Pediatricians lag with EHR adoption
Pediatricians in the U.S. continue to adopt electronic health records (EHRs) at an underwhelming rate, citing costs and hesitancy over potential system benefits, according to a report published in November.
The study, published in Pediatrics and conducted by researchers at the Seattle Children's Hospital, East Carolina University and the American Academy of Pediatrics, sought to shed light on the often opaque and limited data surrounding pediatricians and health IT adoption rates.
After examining survey results on adoption rates and potential barriers, researchers estimated that pediatricians are on average about one to two years behind physicians in other specialties when it comes to EHR adoption.
Although self-reported pediatrician EHR use was pegged at 41 percent, findings show only 19 percent of the systems met the definition of a basic EHR, and a paltry 6 percent were considered "fully functional."

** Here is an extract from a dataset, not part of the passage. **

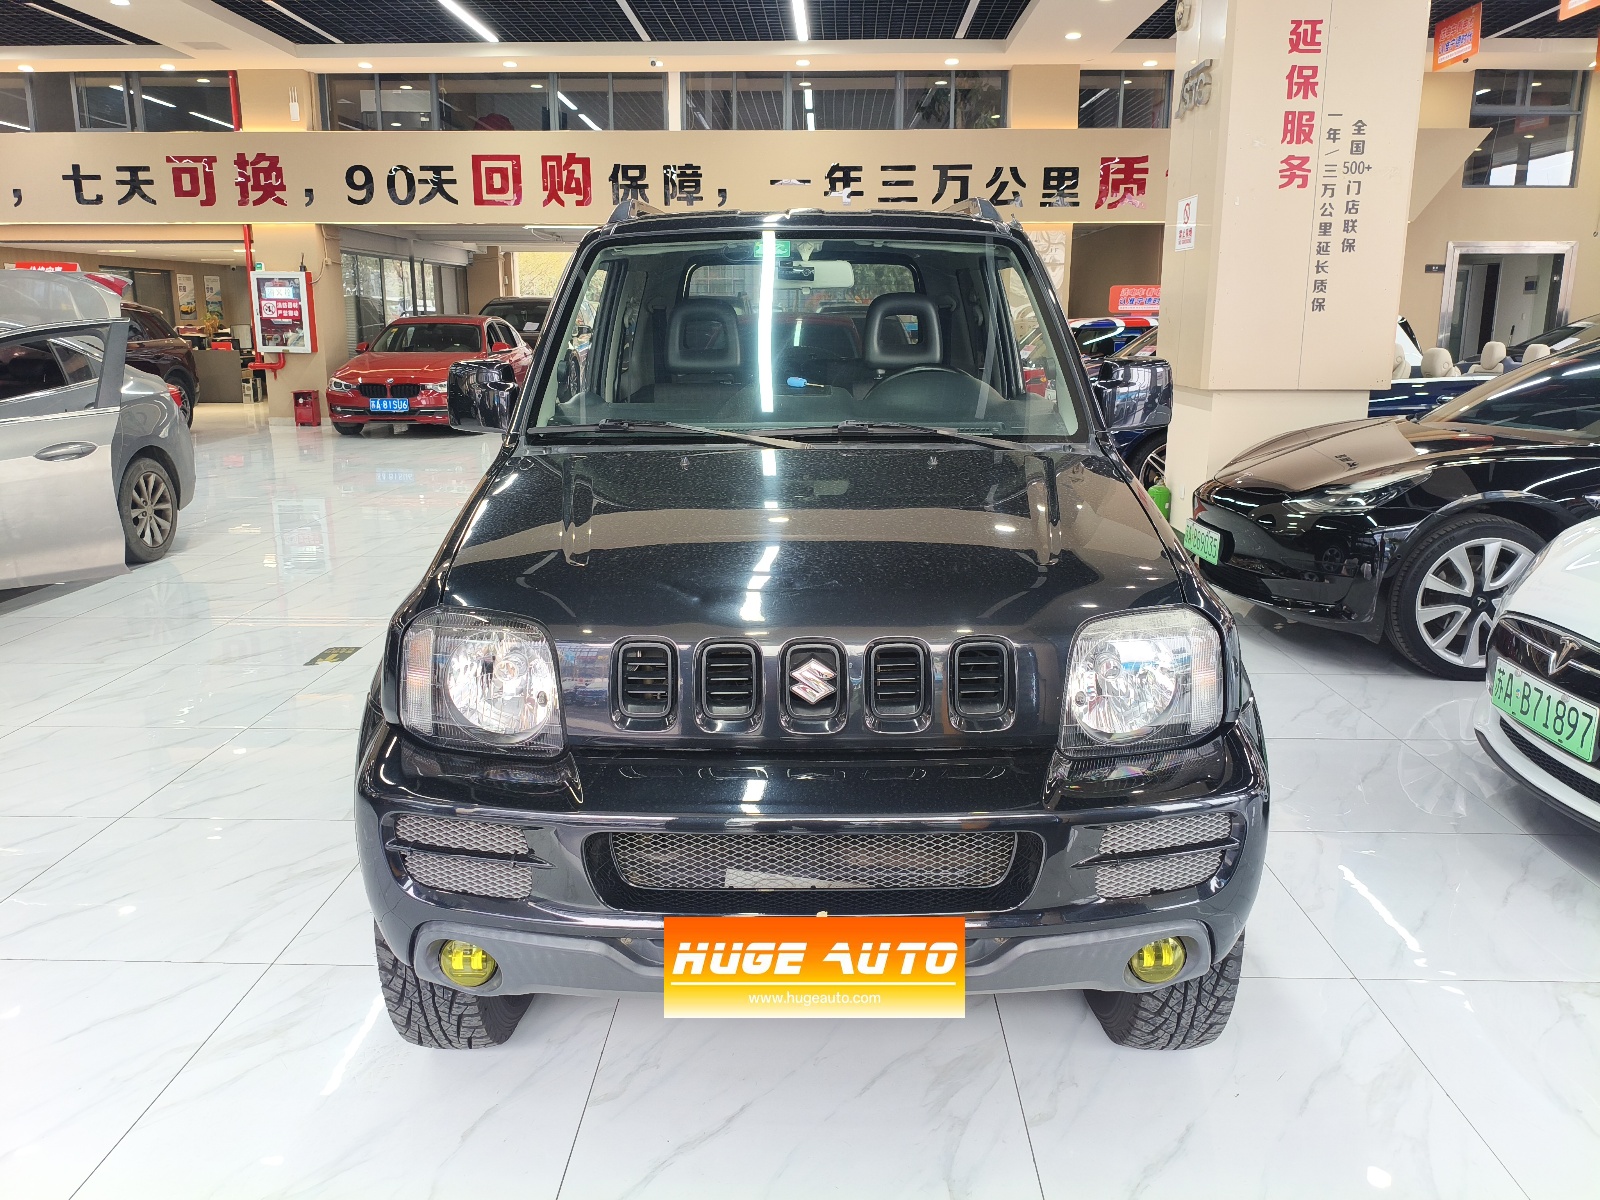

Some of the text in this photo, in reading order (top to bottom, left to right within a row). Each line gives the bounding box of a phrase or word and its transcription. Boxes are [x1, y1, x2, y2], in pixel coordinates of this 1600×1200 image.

[1278, 19, 1324, 189] 延保服务
[1341, 119, 1373, 253] 全国500+门店联保
[1311, 113, 1343, 312] 一年/三万公里延长质保

Moreover, data confirms only 3 percent of pediatricians used a system that was both fully functional and "pediatric-supportive."
"Even if the pediatricians are adopting the systems, the systems they're adopting don't have the features that would really make the practice easier," said Michael Leu, MD, co-author of the study. "Pediatric systems have to be designed so they're a little bit more complicated."
There are several key differences between pediatric system needs and adult system needs, he points out. Normal EHR systems typically don't have something called "weight-based dosing" because adults usually have one dose amount across the board, for instance.
"In pediatrics, we support kids that are all different sizes and shapes," Leu said. "So a small child gets a small amount of medicine, and a large child gets a larger amount of medicine." Without this capability, pediatricians would need to calculate the dosages on their own.
In the study commentary, S. Andrew Spooner, MD, pediatrician at Cincinnati Children's Hospital Medical Center, wrote, "The programming logic that would support well-child visit tracking or immunization prediction is not trivial." He further added that it wasn't likely that vendors would implement these "sophisticated features."
According to data conducted by healthcare research firm SK&A and shared with the American Medical Association, EHR adoption among pediatricians is pegged at 48.5 percent. Adoption among family practice physicians was estimated to be at 54 percent.
Report authors said the most significant factor dissuading physicians from adopting such systems was financial barriers, with more than half (56 percent) of pediatrician respondents citing cost concerns.
Moreover, some 40 percent reported that actually finding a system that met the provider's particular needs was another substantial concern. Because EHR systems don't typically have weight-based dosing features, in addition to automatic growth chart plotters, immunization tracking and catch-up immunization calculations, Leu said it makes sense that providers are concerned over finding a system that meets pediatric needs.
Other barriers cited included concern over loss of productivity during transition (36 percent), qualms regarding return on investment (34 percent) and apprehension that the system will be outmoded and dated by the time it is implemented (34 percent).
Solo pediatrician practices or those with two physicians were less likely to have a fully functional and pediatric supportive EHR system.
After seeing the numbers, Leu said the next step is to start talking to the vendors. If they have no insight or pressure from pediatricians regarding what features should be added to improve the systems, it's likely pediatricians will continue to lag with EHR adoption.
"We need to figure out some way to convince vendors that it's worth while to actually provide these features in their systems," he said.
"Is there some way we can work with vendors to maybe help them catalyze the development of these features by creating certain components?"
In the meantime, Leu said, "If there is some way to certify the EHRs for child health appropriateness, then that might be helpful because then at least the pediatricians would know what they should be purchasing."
While these suggestions aren't necessarily the conclusive answer, they are most certainly headed in the right direction, he added.